▸ **Exercise details**:
All records must be quoted exactly. Omit the pictures.

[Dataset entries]
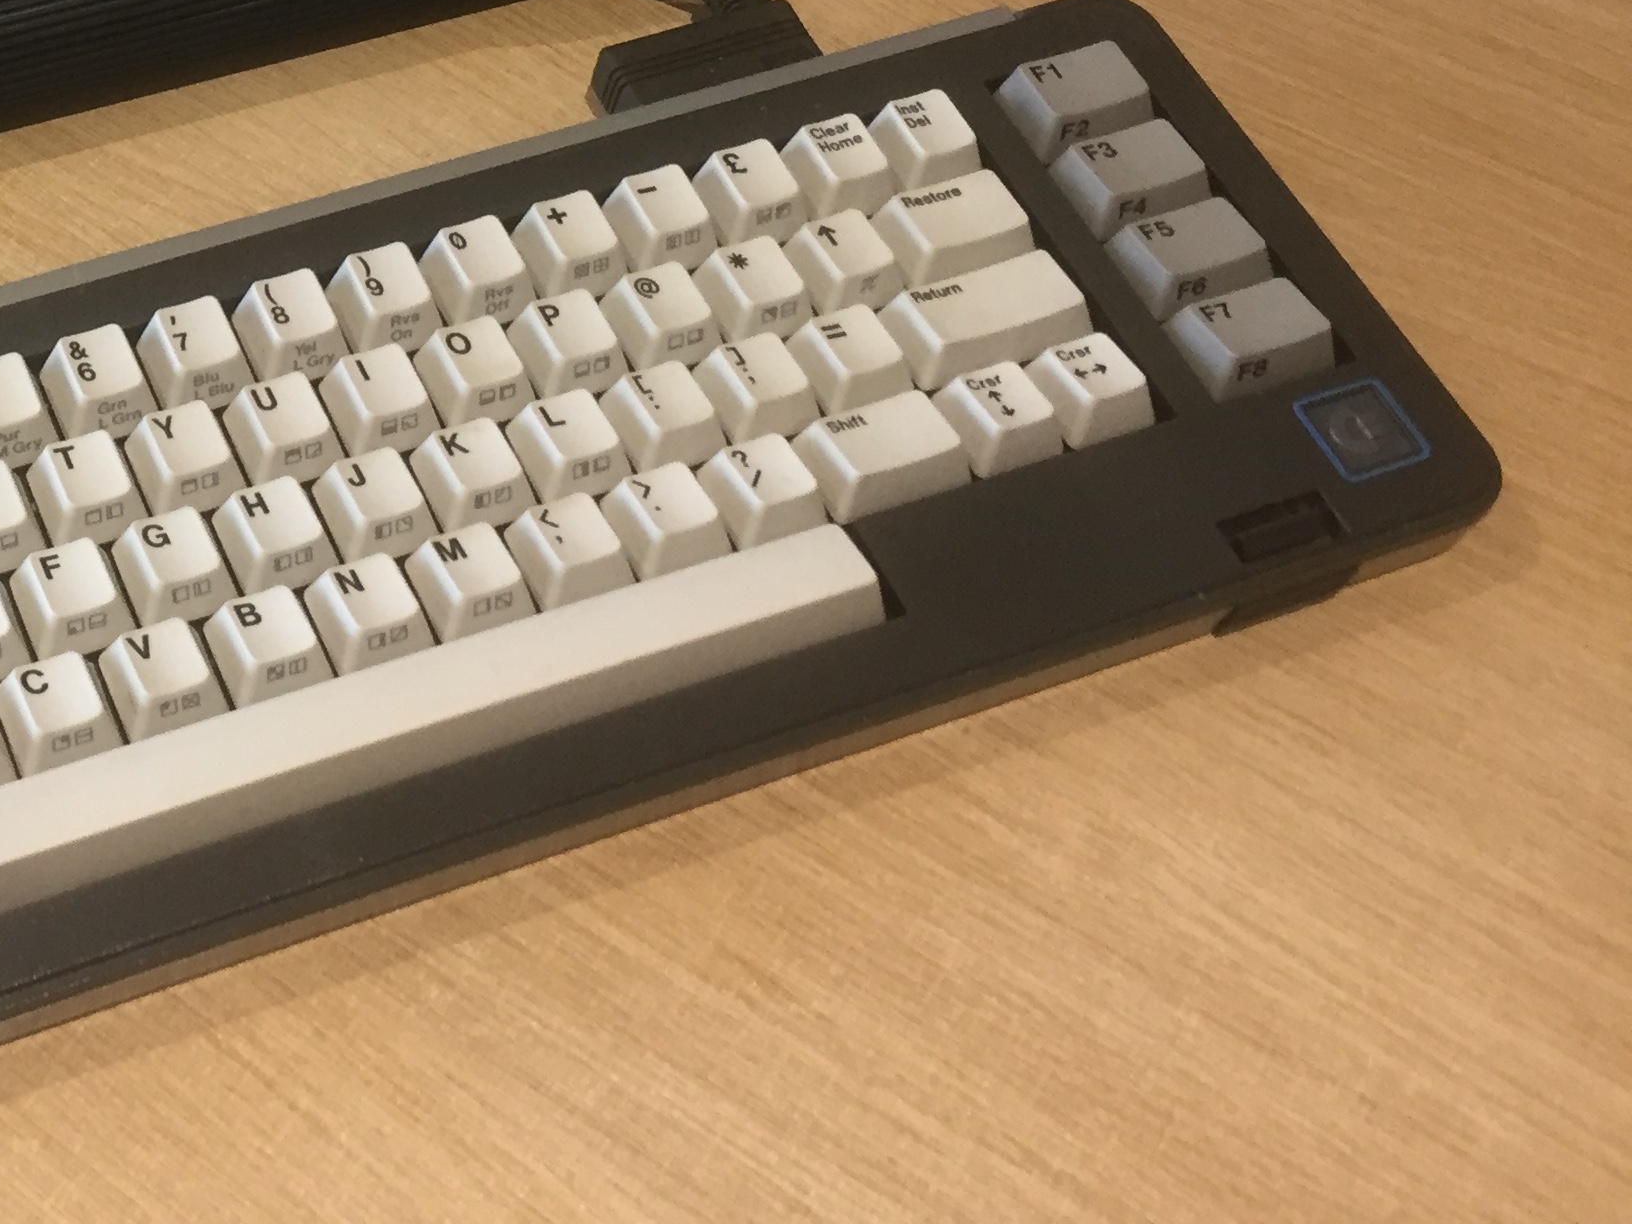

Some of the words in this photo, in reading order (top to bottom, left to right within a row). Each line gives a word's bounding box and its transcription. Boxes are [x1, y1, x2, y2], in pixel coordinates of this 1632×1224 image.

[1028, 63, 1063, 83] F1
[896, 101, 926, 117] Inst
[810, 121, 850, 141] Clear
[904, 114, 932, 130] Del
[1059, 120, 1090, 142] F2
[818, 134, 863, 154] Home
[1081, 142, 1118, 161] F3
[722, 153, 748, 175] £
[901, 186, 962, 209] Restore
[1118, 197, 1147, 220] F4
[1138, 220, 1176, 241] F5
[365, 277, 385, 297] 9
[633, 276, 661, 300] @
[910, 282, 964, 304] Return
[1176, 277, 1208, 301] F6
[271, 305, 291, 325] 8
[537, 303, 561, 327] P
[1198, 301, 1233, 322] F7
[172, 332, 188, 352] 7
[390, 326, 414, 342] On
[444, 331, 473, 355] O
[68, 341, 89, 360] &
[1055, 345, 1092, 363] Crsr
[77, 362, 97, 382] 6
[355, 359, 371, 382] I
[966, 374, 1003, 392] Crsr
[250, 387, 279, 411] U
[151, 414, 175, 440] Y
[537, 405, 566, 427] L
[826, 414, 869, 434] Shift
[439, 432, 470, 457] K
[53, 445, 77, 470] T
[346, 462, 367, 487] J
[239, 491, 270, 517] H
[141, 524, 172, 549] G
[432, 537, 469, 564] M
[39, 554, 62, 580] F
[333, 568, 366, 595] N
[233, 602, 264, 628] B
[125, 634, 152, 661] V
[20, 669, 50, 695] C

▸ **Response**:
Some of the words in this photo, in reading order (top to bottom, left to right within a row). Each line gives a word's bounding box and its transcription. Boxes are [x1, y1, x2, y2], in pixel coordinates of this 1632×1224 image.

[1028, 63, 1063, 83] F1
[896, 101, 926, 117] Inst
[810, 121, 850, 141] Clear
[904, 114, 932, 130] Del
[1059, 120, 1090, 142] F2
[818, 134, 863, 154] Home
[1081, 142, 1118, 161] F3
[722, 153, 748, 175] £
[901, 186, 962, 209] Restore
[1118, 197, 1147, 220] F4
[1138, 220, 1176, 241] F5
[365, 277, 385, 297] 9
[633, 276, 661, 300] @
[910, 282, 964, 304] Return
[1176, 277, 1208, 301] F6
[271, 305, 291, 325] 8
[537, 303, 561, 327] P
[1198, 301, 1233, 322] F7
[172, 332, 188, 352] 7
[390, 326, 414, 342] On
[444, 331, 473, 355] O
[68, 341, 89, 360] &
[1055, 345, 1092, 363] Crsr
[77, 362, 97, 382] 6
[355, 359, 371, 382] I
[966, 374, 1003, 392] Crsr
[250, 387, 279, 411] U
[151, 414, 175, 440] Y
[537, 405, 566, 427] L
[826, 414, 869, 434] Shift
[439, 432, 470, 457] K
[53, 445, 77, 470] T
[346, 462, 367, 487] J
[239, 491, 270, 517] H
[141, 524, 172, 549] G
[432, 537, 469, 564] M
[39, 554, 62, 580] F
[333, 568, 366, 595] N
[233, 602, 264, 628] B
[125, 634, 152, 661] V
[20, 669, 50, 695] C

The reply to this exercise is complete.